Várias aldeias indígenas mais antigas na região da Calha Norte (PA) têm grande concentração de castanheiras nas proximidades, por isso alguns pesquisadores afirmam que boa parte das castanheiras que existem atualmente foi plantada por indígenas que tinham na semente uma fonte importante de proteína.
Os nortistas consomem in natura e também tiram o leite, como o leite de coco, que pode ser utilizado na cozinha em diversas preparações de doces e salgados. O processo é simples: quebra-se a semente, moem e prensam para a saída do ‘leite’. O leite da castanha é utilizado inclusive para acompanhar carnes.
Gerente de projetos no Imaflora, Roberto Palmieri explica que a castanha é fonte de proteína para a população da floresta, além disso, é um produto extrativo da sociobiodiversidade brasileira, e pode ser coletado sem causar impacto negativo à biodiversidade da região. A castanha-do-brasil vem na sua totalidade da floresta, que precisa estar protegida, sendo que há poucas inciativas de plantio. “A castanheira isolada no meio do pasto não produz como podemos observar em toda a Amazônia, ela não consegue gerar frutos e nem se reproduz.

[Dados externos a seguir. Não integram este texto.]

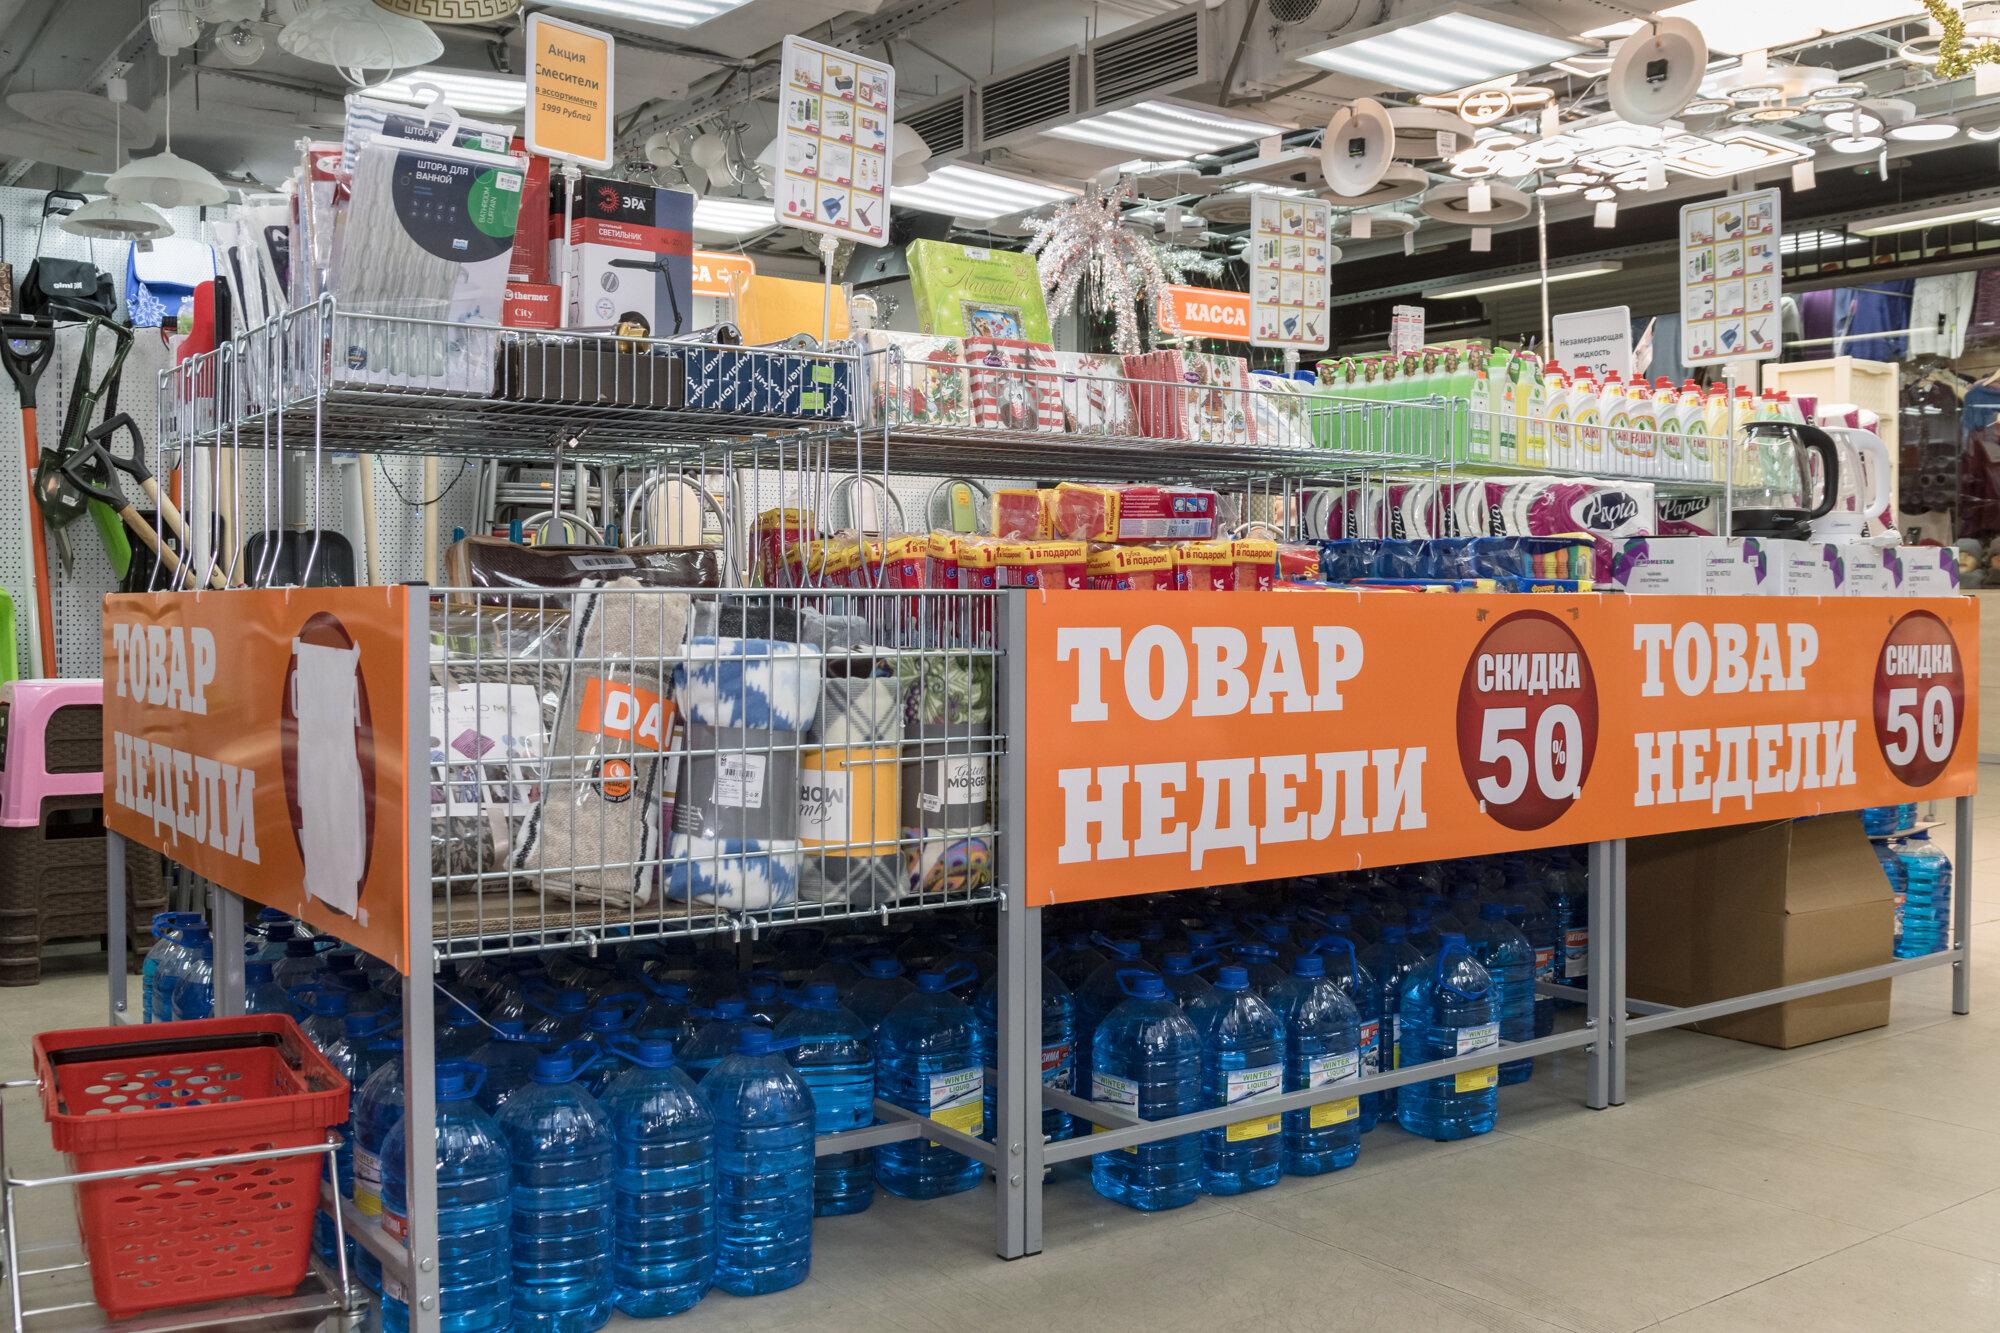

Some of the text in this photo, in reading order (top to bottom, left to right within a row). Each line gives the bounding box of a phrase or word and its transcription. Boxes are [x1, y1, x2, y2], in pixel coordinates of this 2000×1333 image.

[548, 43, 586, 64] Акция
[535, 63, 599, 90] Смесители
[541, 87, 598, 108] ассортименте
[541, 102, 592, 121] 1999 Рублей
[404, 125, 435, 138] ШТОРА
[417, 159, 469, 176] ШТОРА ДЛЯ
[415, 171, 453, 185] ВАННОЙ
[478, 186, 491, 224] BATHROOM
[486, 196, 497, 225] CURTAIN
[622, 196, 646, 211] ЭРА
[598, 228, 642, 241] СВЕТИЛЬНИК
[514, 290, 549, 302] thermex
[514, 307, 534, 318] City
[1185, 302, 1247, 327] КАССА
[1559, 332, 1625, 347] Незамерзающая
[1573, 349, 1612, 360] жидкость
[1631, 432, 1653, 445] FAIRY
[1587, 490, 1638, 532] Papia
[1662, 496, 1711, 521] Papia
[1036, 550, 1042, 558] в
[1043, 547, 1082, 560] подарок!
[1126, 553, 1168, 566] в подарок!
[1192, 549, 1227, 561] подарок!
[1241, 549, 1273, 560] подарок!
[1633, 622, 1820, 698] ТОВАР
[1885, 643, 1954, 680] СКИДКА
[113, 622, 217, 715] ТОВАР
[1056, 624, 1365, 723] ТОВАР
[1476, 651, 1582, 696] СКИДКА
[463, 704, 517, 715] HOME
[1633, 719, 1858, 815] НЕДЕЛИ
[113, 732, 261, 865] НЕДЕЛИ
[1057, 746, 1428, 872] НЕДЕЛИ
[1467, 1027, 1492, 1039] WINTER
[1321, 1057, 1350, 1071] WINTER
[943, 1071, 975, 1085] WINTER
[1242, 1070, 1273, 1082] WINTER
[1326, 1067, 1346, 1078] LIQUID
[949, 1083, 970, 1093] LIQUID
[1099, 1075, 1126, 1091] WINTER
[1246, 1080, 1268, 1090] LIQUID
[1103, 1087, 1122, 1099] LIQUID
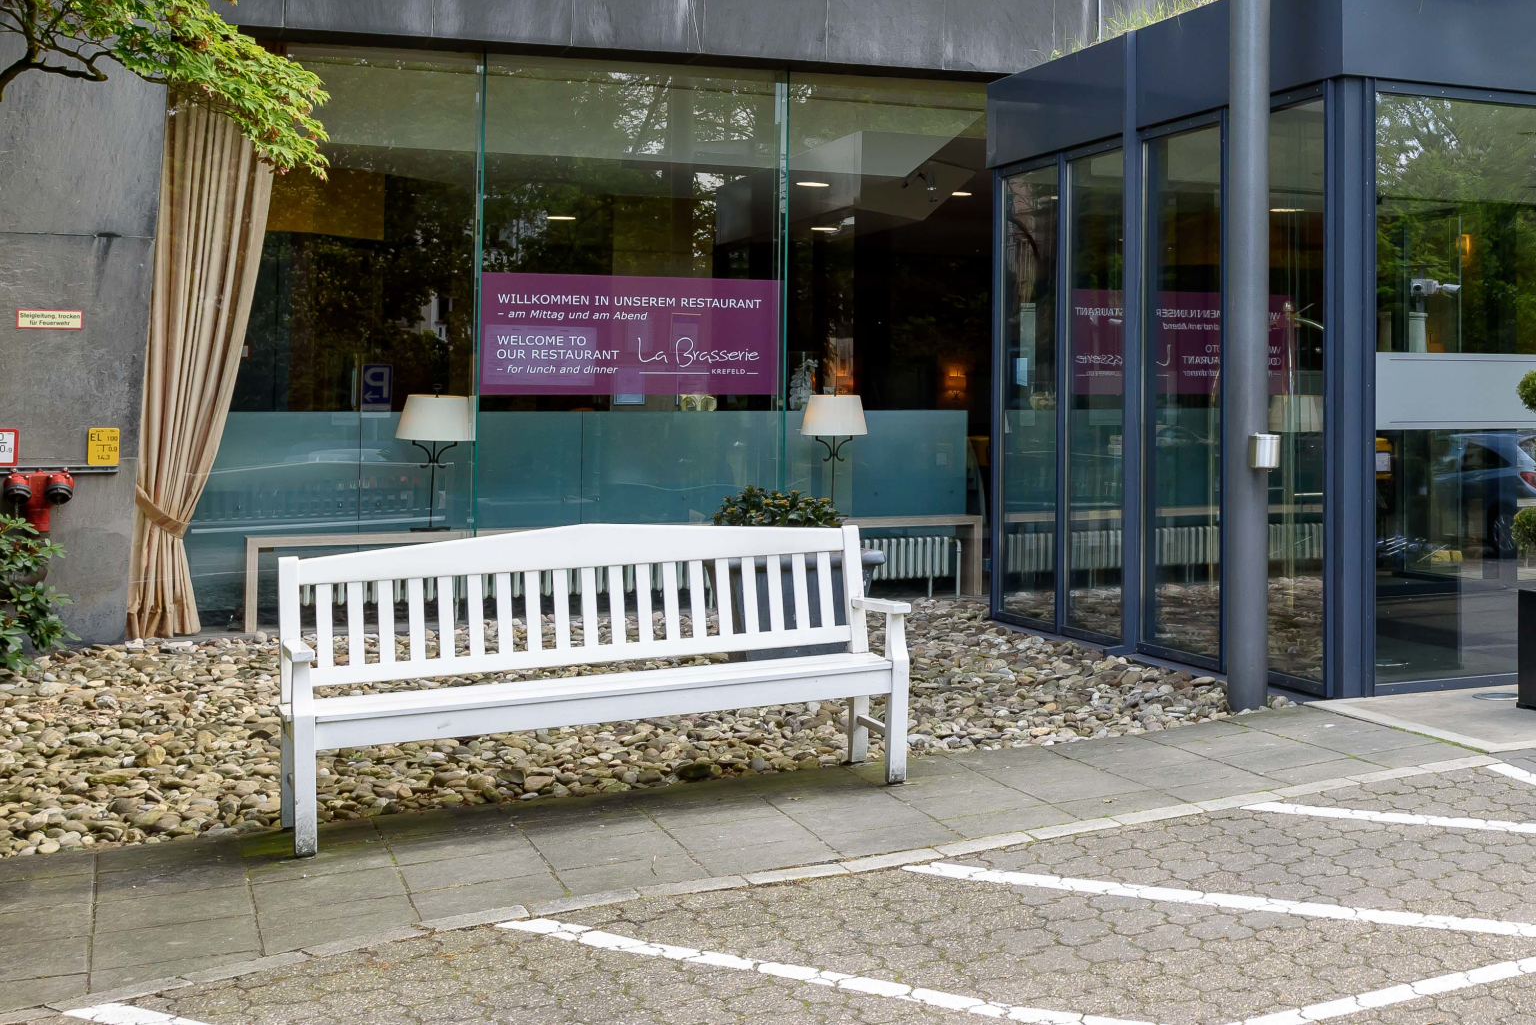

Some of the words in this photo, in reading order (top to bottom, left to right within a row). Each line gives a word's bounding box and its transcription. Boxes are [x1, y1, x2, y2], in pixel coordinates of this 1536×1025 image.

A produção vem das que estão na floresta e precisam ser manejadas por populações locais que sabem onde, quando e como colher”, diz Palmieri.
Grande parte dos povos tradicionais ainda trabalha a castanha em grande quantidade, vendendo-a para os regatões (barcos de atravessadores) que passam pela região comprando produtos extrativos a baixo preço, como borracha, óleo de copaíba e castanhas.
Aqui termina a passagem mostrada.